Input: arr[] = {4, 2, 7, 11, 14, 15, 18}
Output: 12
Approach: As the maximum power of 2 that divides arr[i] * arr[j] is at max 1, it means that if P is the product then it must either be odd or 2 is the only even factor of P.
It implies that both arr[i] and arr[j] must be odd or exactly one of them is even and 2 is the only even factor of this number.
If odd is the count of odd numbers and even is the count of even numbers such that 2 is the only even factor of that number then the answer will be odd * even + odd * (odd – 1) / 2.
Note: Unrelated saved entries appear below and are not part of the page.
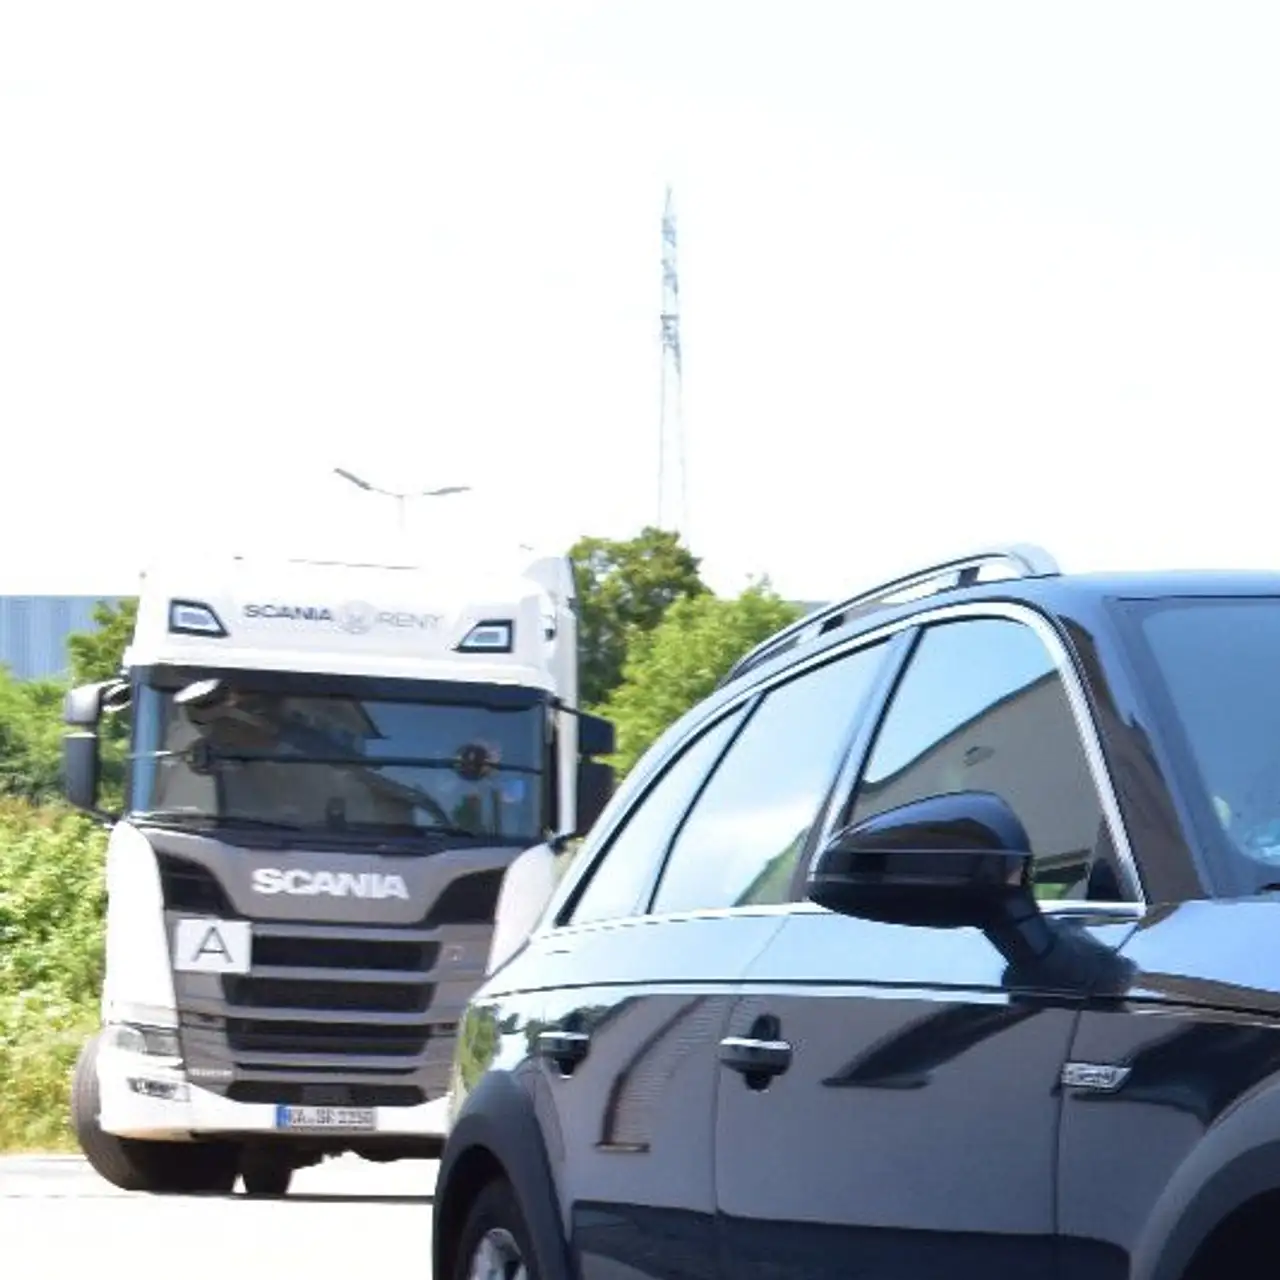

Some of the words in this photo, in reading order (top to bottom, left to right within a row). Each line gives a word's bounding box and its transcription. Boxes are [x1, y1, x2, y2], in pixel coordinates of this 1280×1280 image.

[243, 604, 333, 621] SCANIA
[252, 868, 409, 899] SCANIA
[190, 926, 234, 964] A
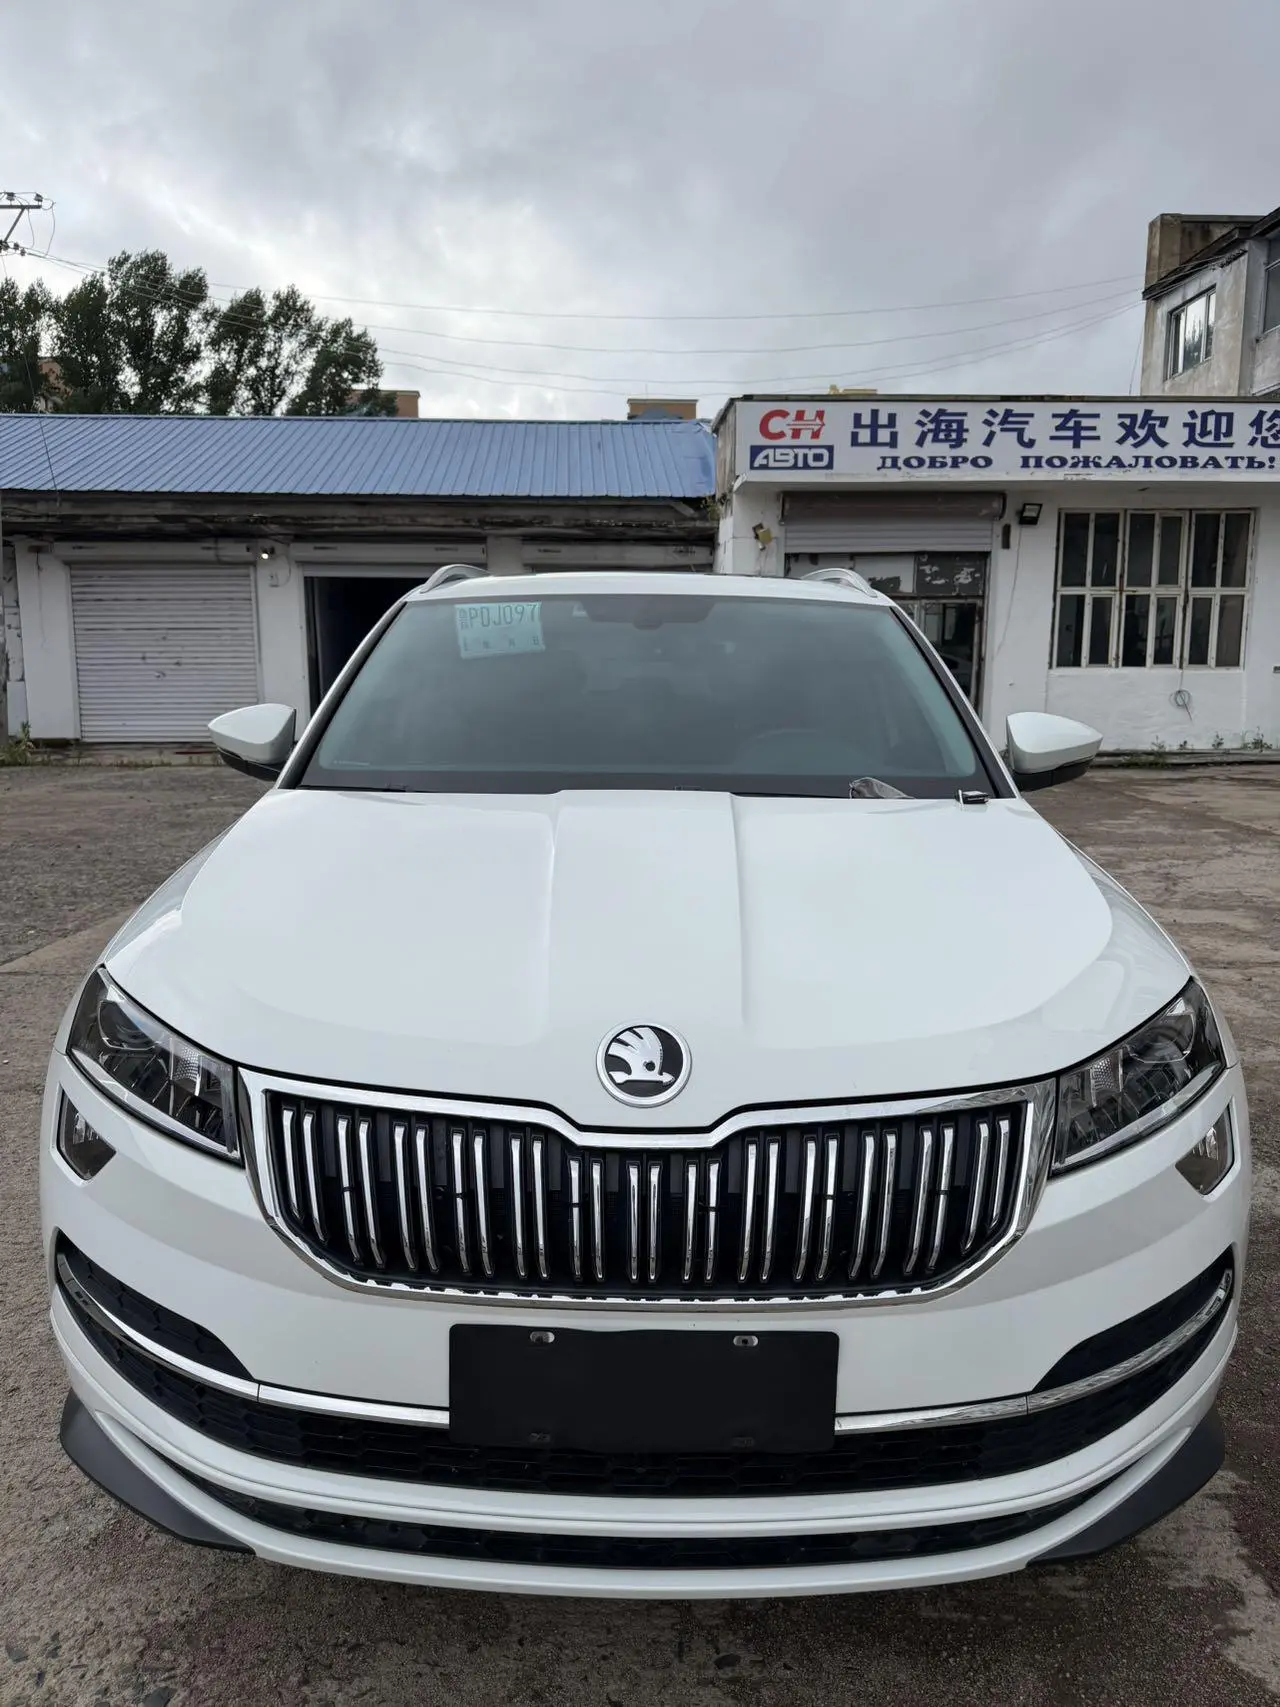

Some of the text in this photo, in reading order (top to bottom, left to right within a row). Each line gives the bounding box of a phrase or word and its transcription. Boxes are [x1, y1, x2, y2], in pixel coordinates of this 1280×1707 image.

[850, 408, 1280, 449] 出海汽车欢迎您
[876, 454, 1276, 471] ДОБРО ПОЖАЛОВАТЬ!
Below is the implementation of the above approach:
C++
#include <bits/stdc++.h>
using namespace std;
int cntPairs(int a[], int n)
{
int odd = 0, even = 0;
for (int i = 0; i < n; i++) {
if (a[i] % 2 == 1)
odd++;
else if ((a[i] / 2) % 2 == 1)
even++;
}
int ans = odd * even + (odd * (odd - 1)) / 2;
return ans;
}
int main()
{
int a[] = { 4, 2, 7, 11, 14, 15, 18 };
int n = sizeof(a) / sizeof(a[0]);
cout << cntPairs(a, n);
return 0;
}
|
Java
class GFG
{
static int cntPairs(int a[], int n)
{
int odd = 0, even = 0;
for (int i = 0; i < n; i++)
{
if (a[i] % 2 == 1)
odd++;
else if ((a[i] / 2) % 2 == 1)
even++;
}
int ans = odd * even + (odd * (odd - 1)) / 2;
return ans;
}
public static void main(String []args)
{
int a[] = { 4, 2, 7, 11, 14, 15, 18 };
int n = a.length;
System.out.println(cntPairs(a, n));
}
}
|
Python3
def cntPairs(a, n) :
odd = 0; even = 0;
for i in range(n) :
if (a[i] % 2 == 1) :
odd += 1;
elif ((a[i] / 2) % 2 == 1) :
even += 1;
ans = odd * even + (odd * (odd - 1)) // 2;
return ans;
if __name__ == "__main__" :
a = [ 4, 2, 7, 11, 14, 15, 18 ];
n = len(a);
print(cntPairs(a, n));
|
C#
using System;
class GFG
{
static int cntPairs(int []a, int n)
{
int odd = 0, even = 0;
for (int i = 0; i < n; i++)
{
if (a[i] % 2 == 1)
odd++;
else if ((a[i] / 2) % 2 == 1)
even++;
}
int ans = odd * even + (odd * (odd - 1)) / 2;
return ans;
}
public static void Main(String []args)
{
int []a = { 4, 2, 7, 11, 14, 15, 18 };
int n = a.Length;
Console.WriteLine(cntPairs(a, n));
}
}
|
Javascript
<script>
function cntPairs(a, n)
{
var odd = 0, even = 0;
for (var i = 0; i < n; i++) {
if (a[i] % 2 == 1)
odd++;
else if ((a[i] / 2) % 2 == 1)
even++;
}
var ans = odd * even + (odd * (odd - 1)) / 2;
return ans;
}
var a = [4, 2, 7, 11, 14, 15, 18];
var n = a.length;
document.write( cntPairs(a, n));
</script>
|
Time Complexity: O(n) where n is number of elements in given array. As, we are using a loop to traverse N times so it will cost us O(N) time
Auxiliary Space: O(1), as we are not using any extra space.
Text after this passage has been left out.